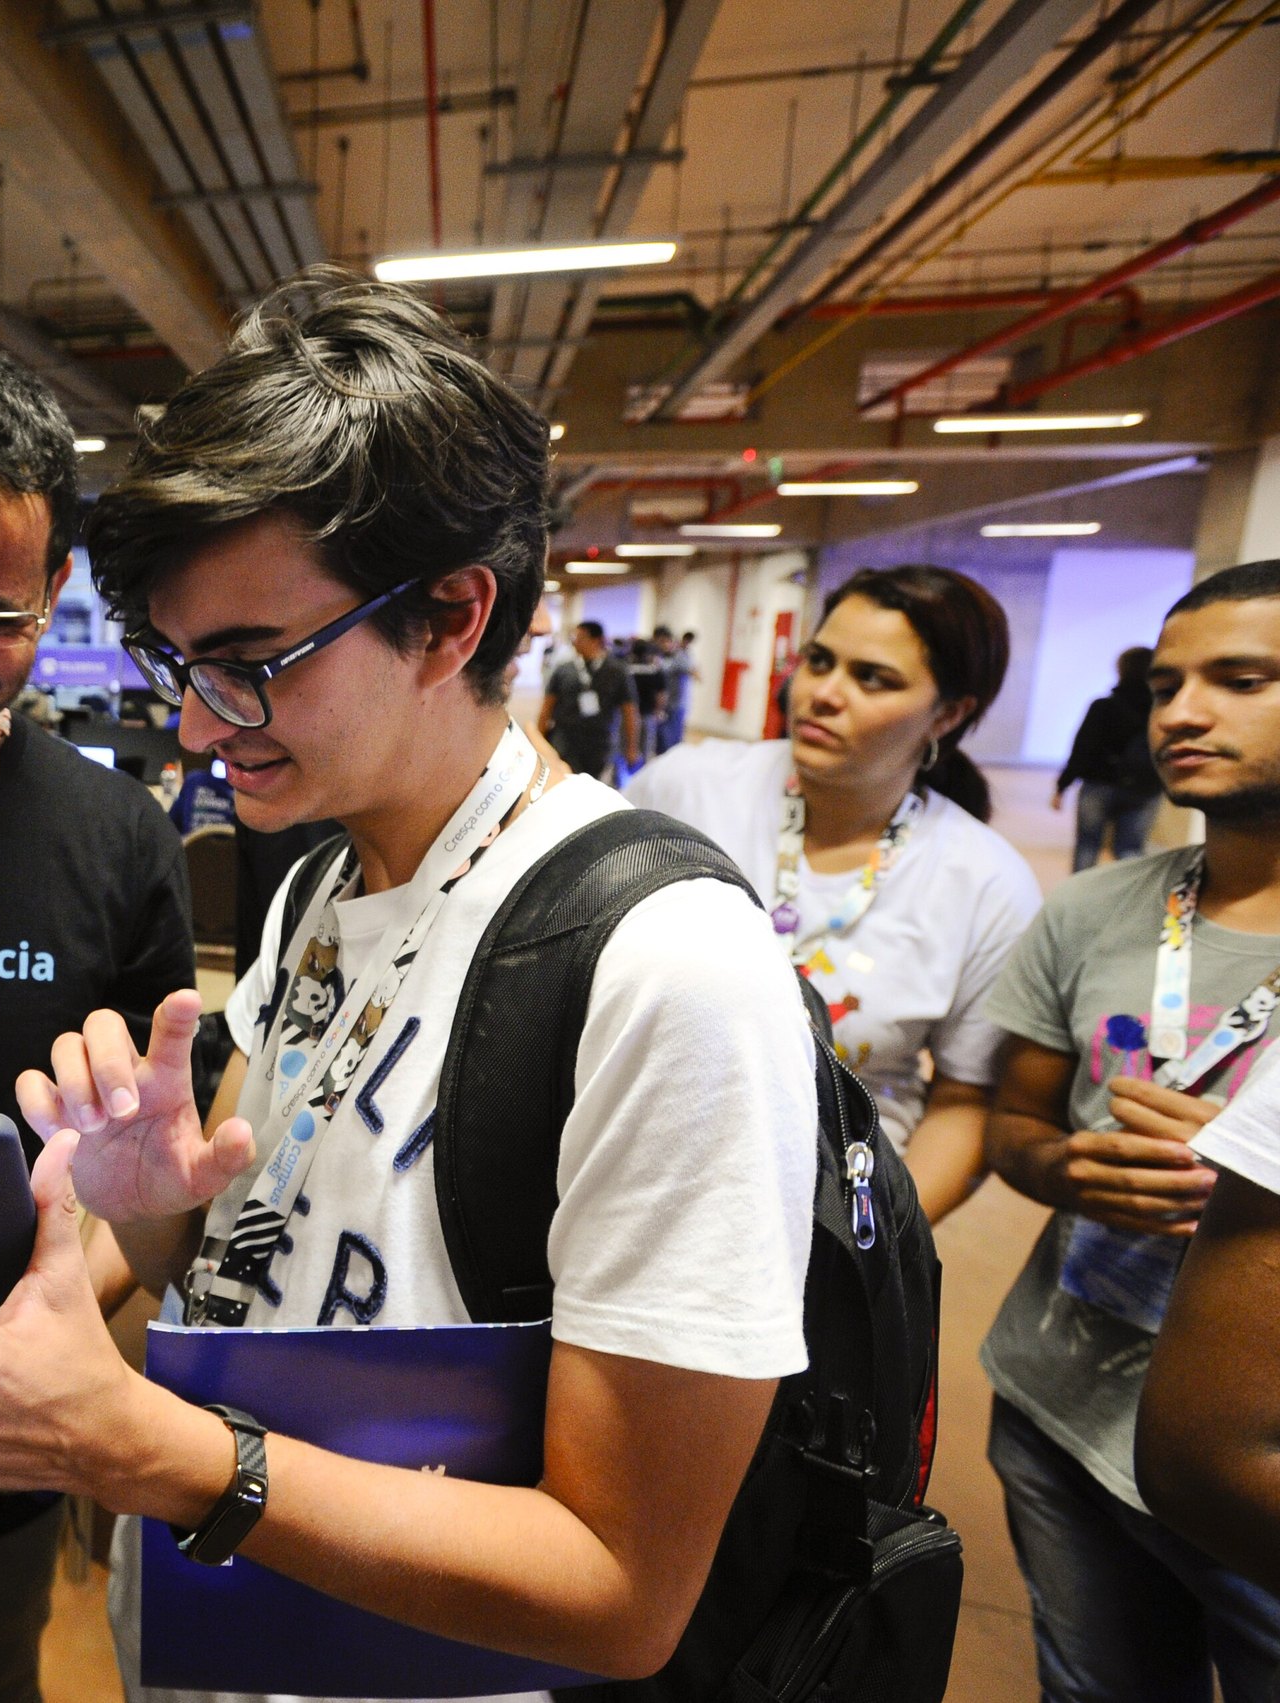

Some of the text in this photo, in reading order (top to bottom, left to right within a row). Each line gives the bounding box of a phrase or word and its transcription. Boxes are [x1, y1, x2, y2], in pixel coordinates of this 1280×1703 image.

[444, 815, 478, 853] Cresça
[475, 791, 497, 817] com
[494, 783, 503, 793] o
[281, 1083, 307, 1118] Cresça
[306, 1058, 321, 1083] com
[325, 1010, 350, 1049] Google
[266, 1136, 291, 1179] party
[270, 1144, 302, 1207] campus
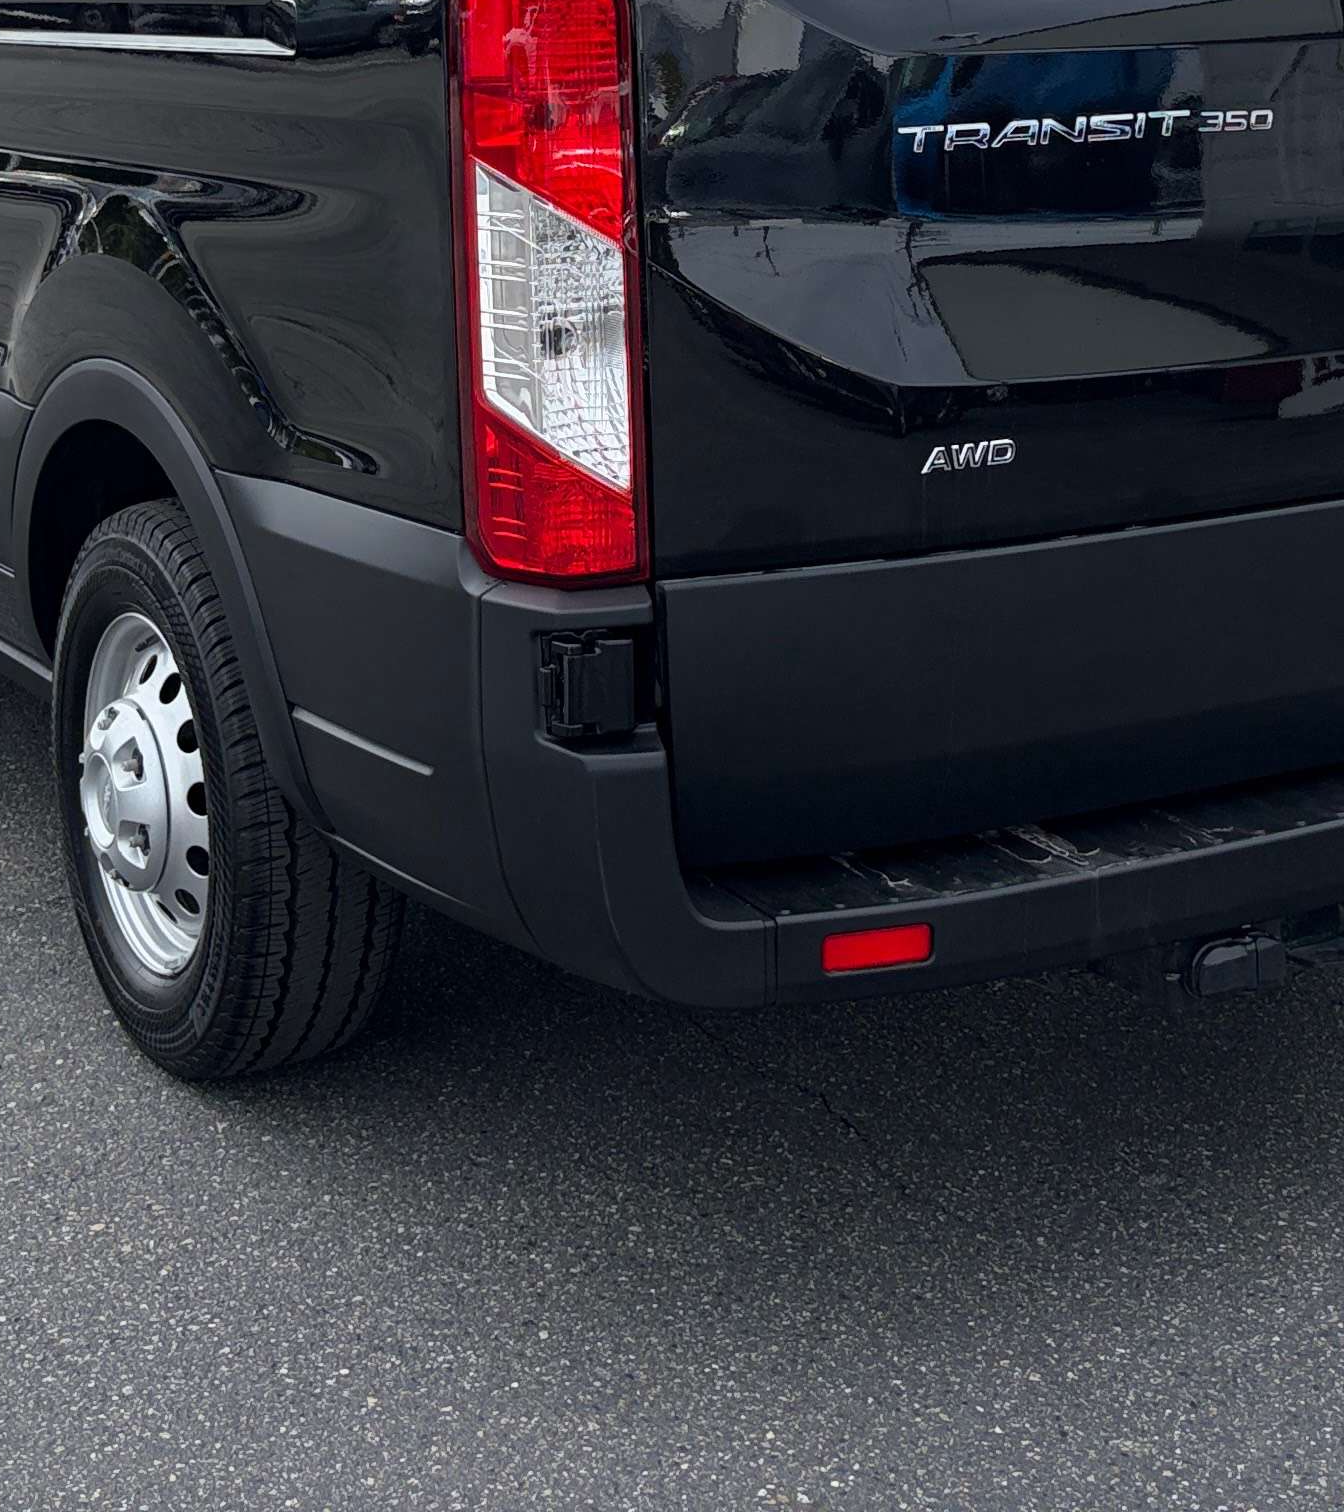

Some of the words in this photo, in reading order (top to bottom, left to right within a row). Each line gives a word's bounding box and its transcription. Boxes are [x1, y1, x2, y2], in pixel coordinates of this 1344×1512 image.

[897, 109, 1191, 153] TRANSIT
[1197, 109, 1274, 132] 350
[920, 438, 1017, 475] AWD
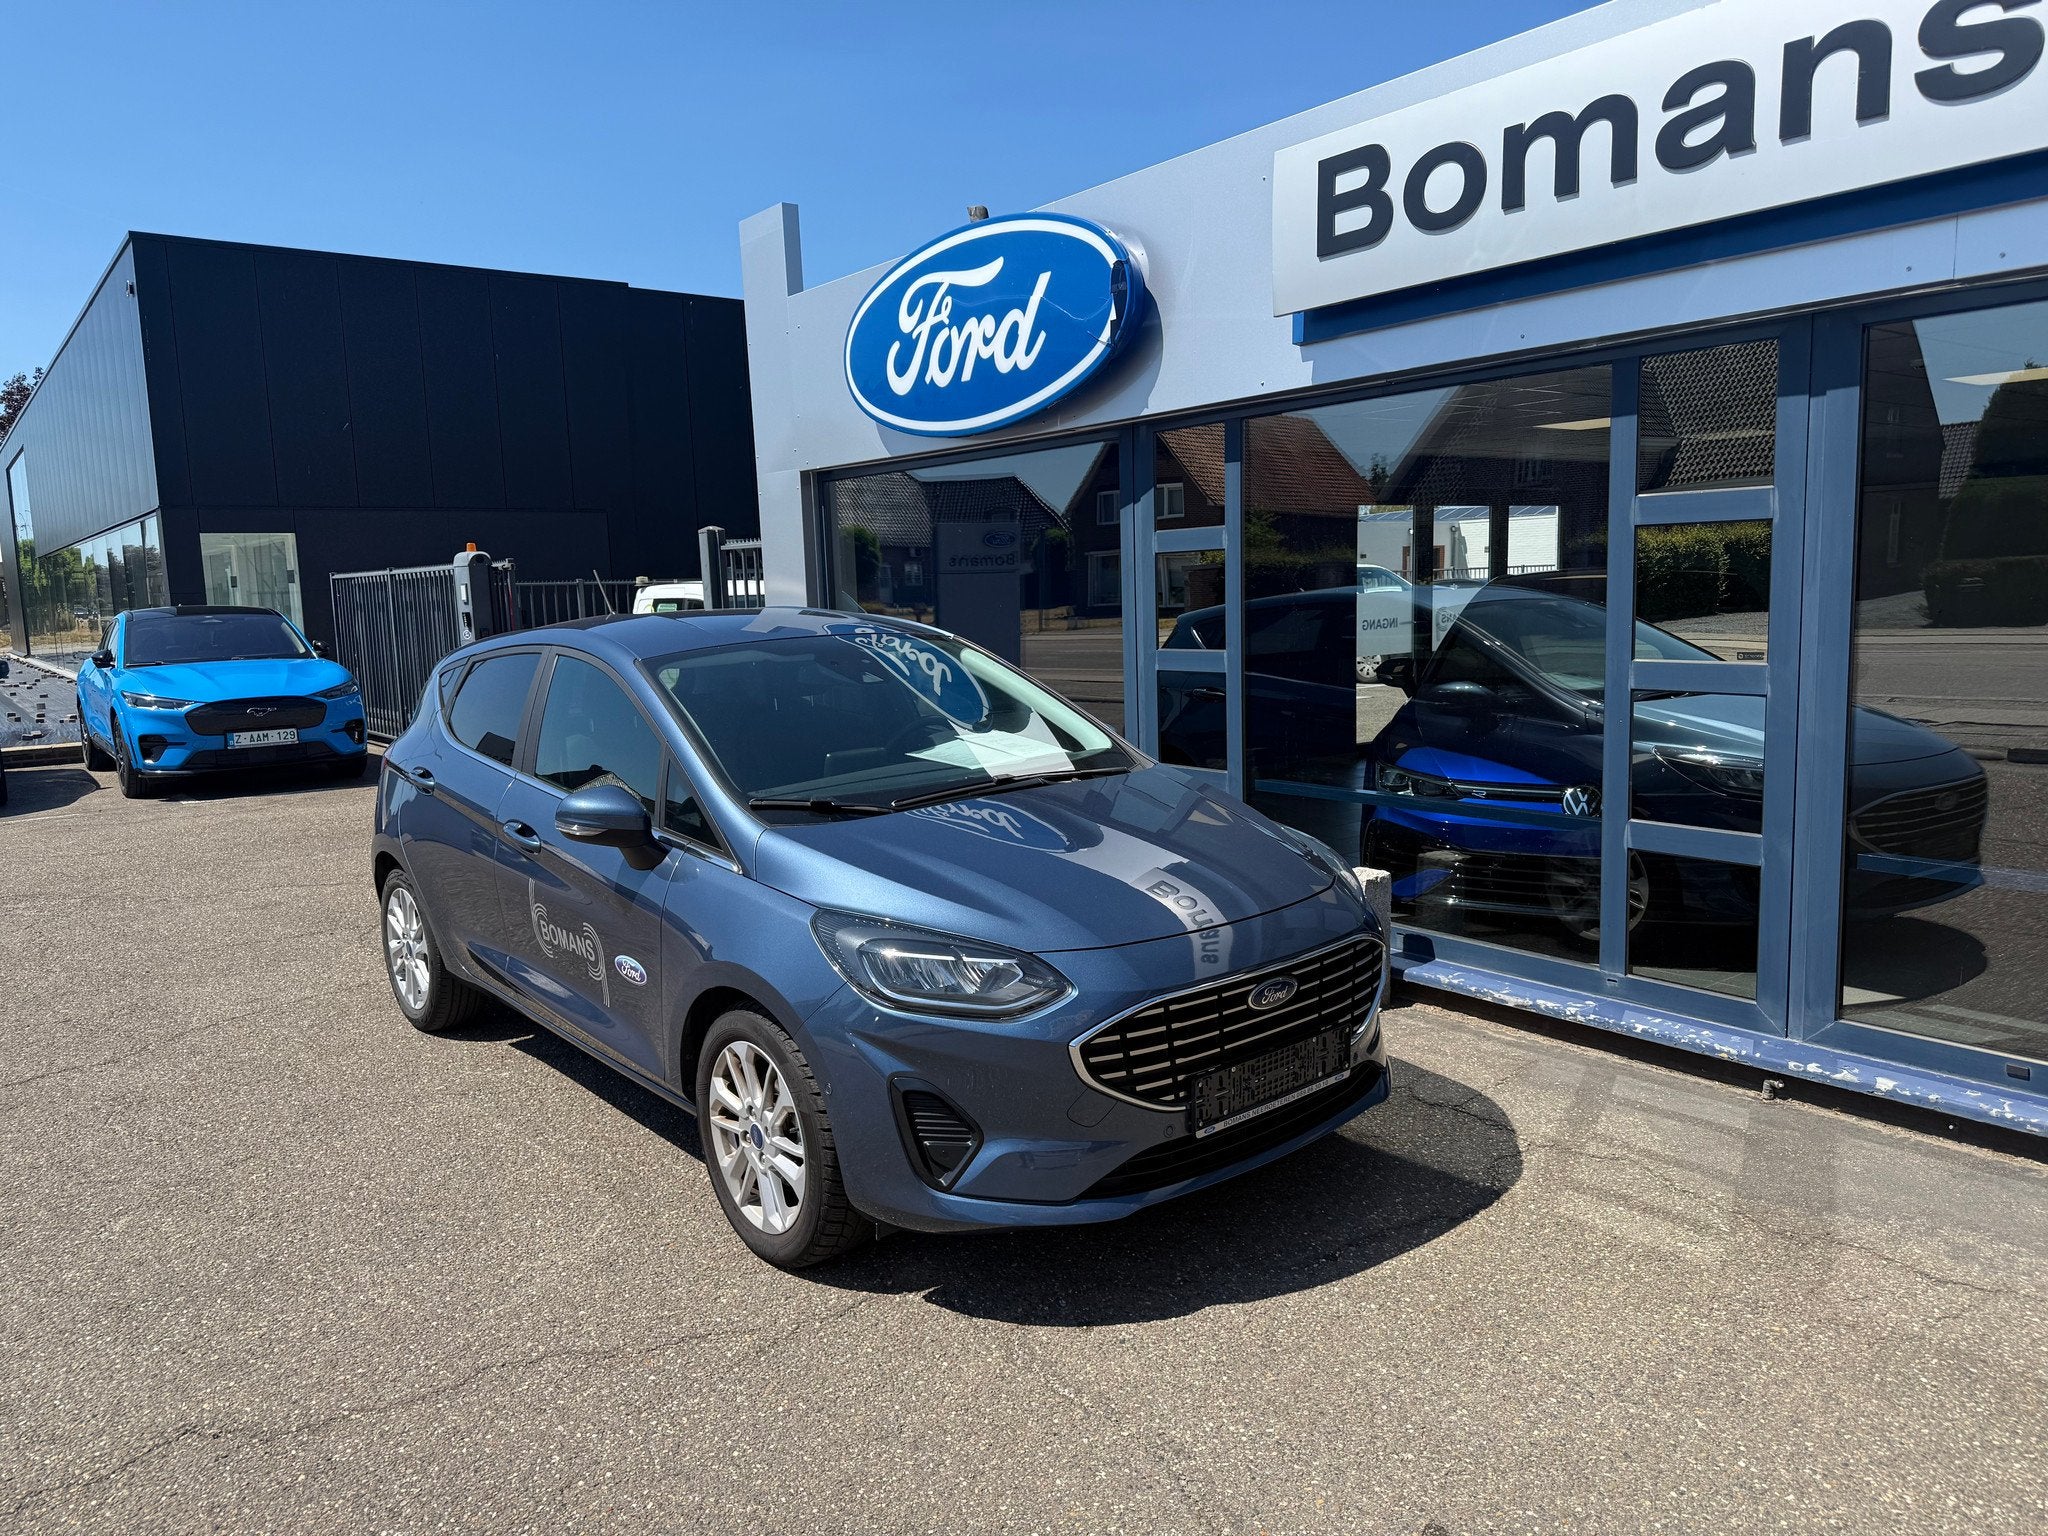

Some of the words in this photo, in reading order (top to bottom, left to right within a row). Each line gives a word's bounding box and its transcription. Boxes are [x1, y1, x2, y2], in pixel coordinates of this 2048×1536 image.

[1316, 0, 2045, 260] Bomans
[887, 256, 1051, 395] Ford
[540, 919, 596, 962] BOMANS
[621, 959, 642, 982] Ford
[1261, 984, 1288, 1004] Ford
[1223, 1111, 1251, 1128] BOMANS
# # # #
__Problem to solve__
When the line containing "this 2048×1536 image." is found in the records above, restate it and every later line word for word through the last one, and nothing more.

__Solution__
Some of the words in this photo, in reading order (top to bottom, left to right within a row). Each line gives a word's bounding box and its transcription. Boxes are [x1, y1, x2, y2], in pixel coordinates of this 2048×1536 image.

[1316, 0, 2045, 260] Bomans
[887, 256, 1051, 395] Ford
[540, 919, 596, 962] BOMANS
[621, 959, 642, 982] Ford
[1261, 984, 1288, 1004] Ford
[1223, 1111, 1251, 1128] BOMANS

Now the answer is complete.